On Mon, 11 Oct 1999 11:12:01 -0400 (EDT), Alexander Viro
<[EMAIL PROTECTED]> said:

>       I began screwing around the truncate() stuff and the following is
> a status report/request for comments:
>       a) call of ->truncate() method (and vmtruncate()) had been moved
> into the notify_change(). It is triggered if ATTR_SIZE is set. Modified
> places: do_truncate(), nfsd_truncate(), nfsd_setattr() and hpfs_unlink().
> Semantics had been changed (fixed, AFAICS) for nfsd_* - truncation happens
> with capabilities dropped. BTW, nfsd_setattr() didn't call vmtruncate().
> Fixed.

The page cache has very strict ordering requirements on the
inode->i_size update, the vmtruncate call and the actual file mapping
truncate operation.  I'd be nervous about letting the fs do too much of
that itself: what exactly is the rationale behind the change?
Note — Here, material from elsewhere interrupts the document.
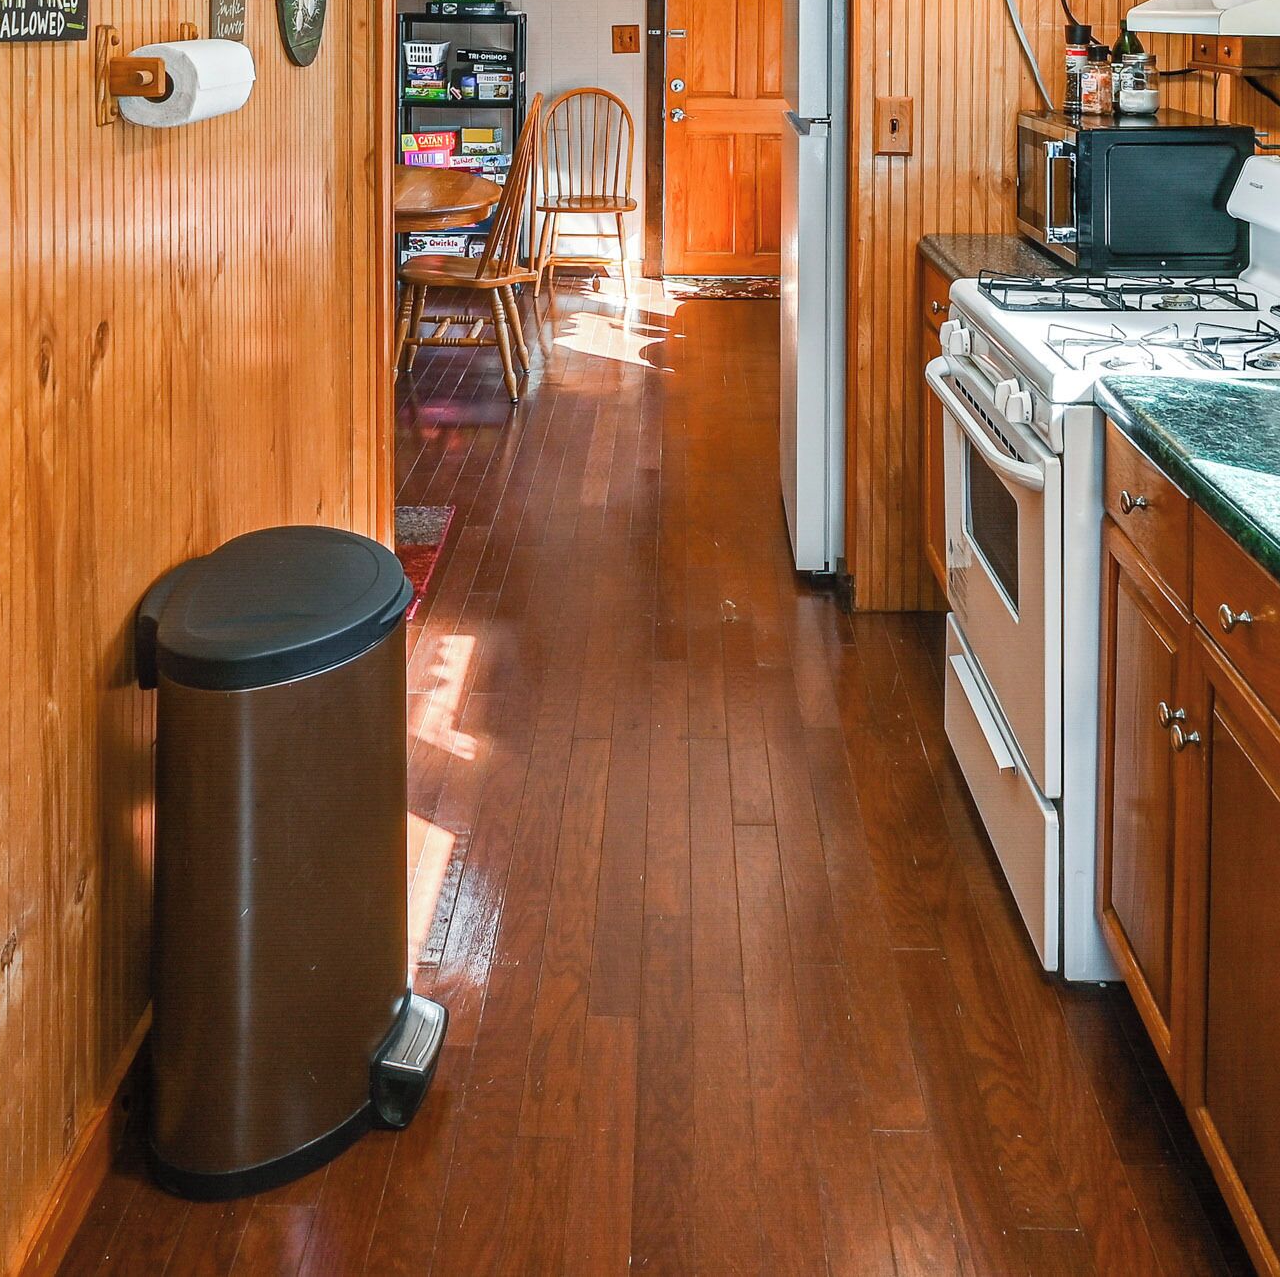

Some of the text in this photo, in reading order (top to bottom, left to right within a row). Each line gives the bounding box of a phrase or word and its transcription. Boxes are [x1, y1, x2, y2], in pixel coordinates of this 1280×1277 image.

[0, 10, 65, 38] ALLOWED
[468, 53, 507, 61] TRI-OMINOS
[418, 135, 443, 145] CATAN
>       coda,nfs,ncpfs,smbfs - I'm bringing the call of vmtruncate() into
> the end of ->notify_change() (if ATTR_SIZE is set, indeed). It preserves
> the current behaviour, but I'm not sure that it's OK. Those filesystems
> don't have ->truncate() and do the equivalent theselves (from
> -> notify_change()). Maybe vmtruncate() should be called earlier.

Given that we are already looking at adding back in the inode write lock
for truncate, that shouldn't be a problem.